Circuit board maker DDi Corp. is relocating its Anaheim headquarters and manufacturing operations under one roof.
The company announced Wednesday it plans to purchase a 96,000-square-foot building for $7.5 million near its Anaheim campus, which houses eight separate buildings.
The deal is expected to close this month.
The company is exploring taking out a mortgage on the property, “given the attractiveness of the low interest rates available to the company,” President and Chief Executive Mikel Williams said.
DDi expects to complete the move before its current leases expires at the end of the third quarter.
The company will save some cash in the long run, as its current lease near La Palma Avenue costs more than $800,000 annually with upkeep, according to Williams.
DDi has been on the same Anaheim campus since the late 1970s.
The new building is equipped with upgrades that will aid manufacturing, including clean rooms, filtration systems, and HVAC systems.
“It’s going to make their process more efficient,” said spokeswoman Kimberly Esterkin. “This is going to be a massive new building that houses everything.”
About two-thirds of the building will be earmarked for manufacturing and the rest for office space.
The company employs about about 330 people in Anaheim and more than 1,600 companywide.
DDi makes circuit boards that later are assembled with chips.
The boards go inside equipment for aerospace, military, industrial, medical, networking and communication uses.
About a third of DDi’s business is in aerospace and defense.

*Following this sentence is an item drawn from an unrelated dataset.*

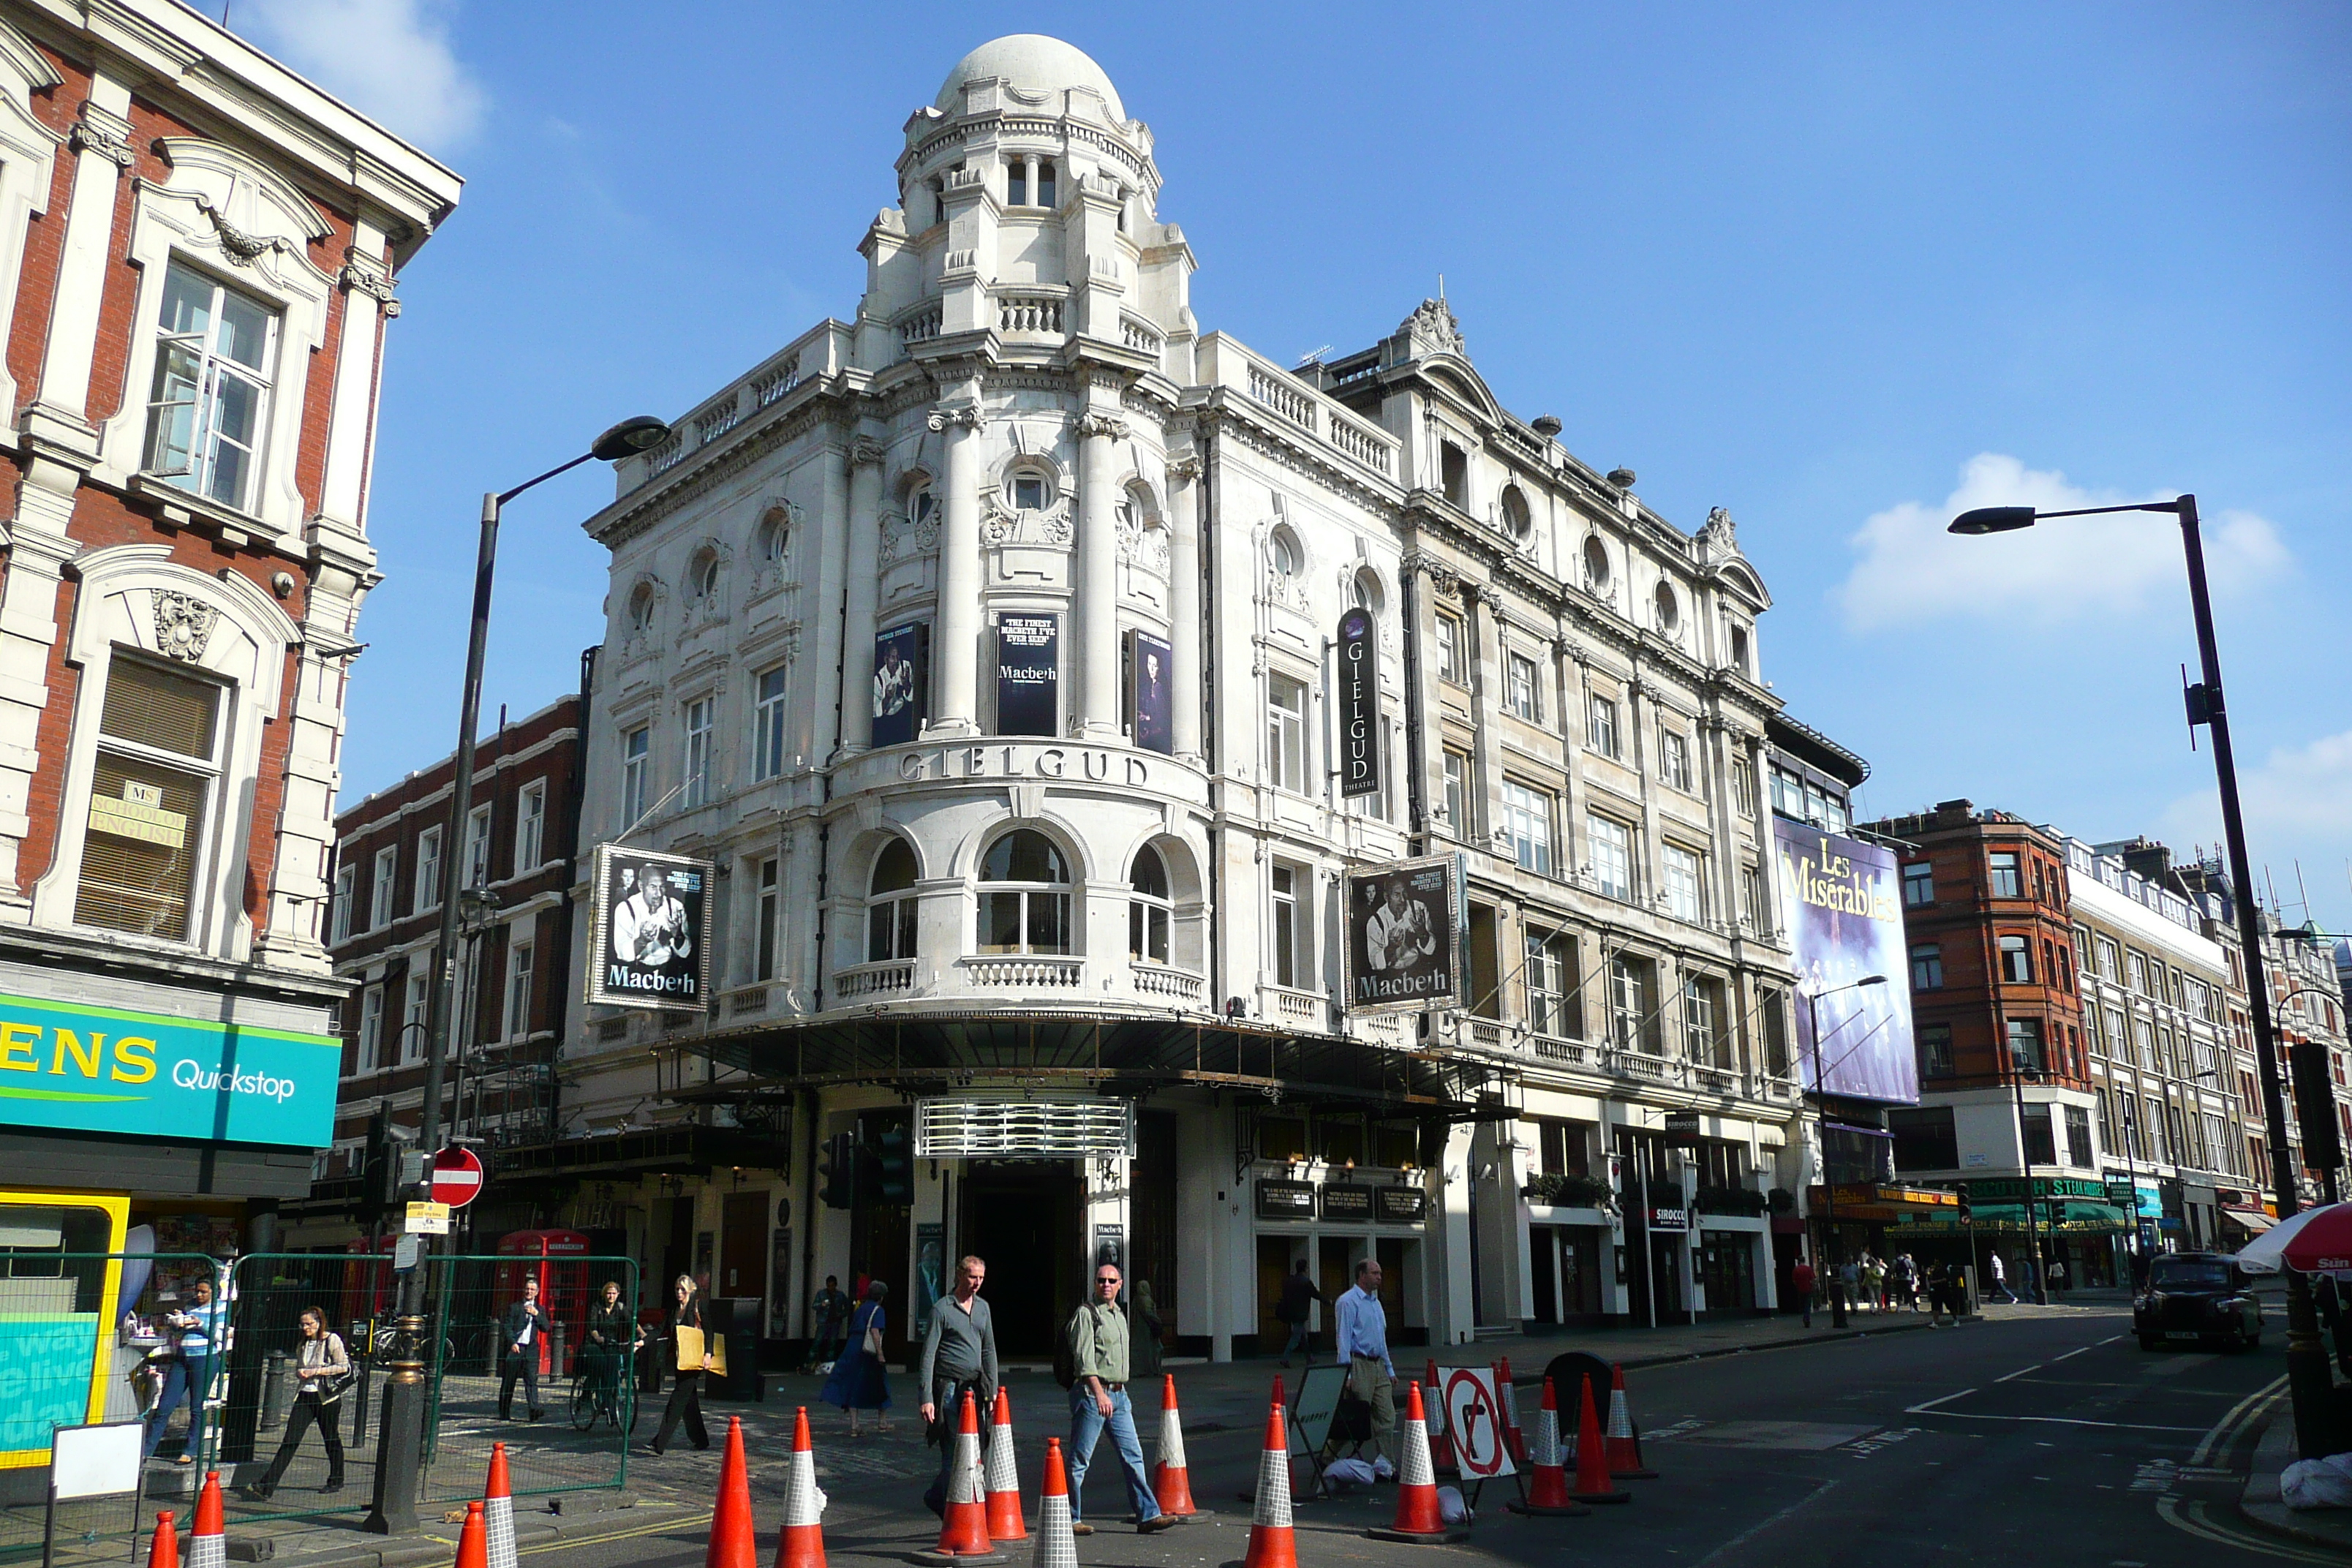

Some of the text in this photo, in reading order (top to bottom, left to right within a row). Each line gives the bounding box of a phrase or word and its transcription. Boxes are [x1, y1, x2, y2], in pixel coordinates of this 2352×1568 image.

The company gets customers by quickly turning around boards, especially on prototypes.
Most of the company’s orders are completed in less than 10 days. Some are done in as little as 24 hours.
“Quick turn” work brings higher profits for boards, which otherwise are a dime a dozen.
The company posted an adjusted profit of $20 million on $267 million in revenue in 2010.
DDi’s shares are down more than 1% in early afternoon New York trading to market value of about $188 million.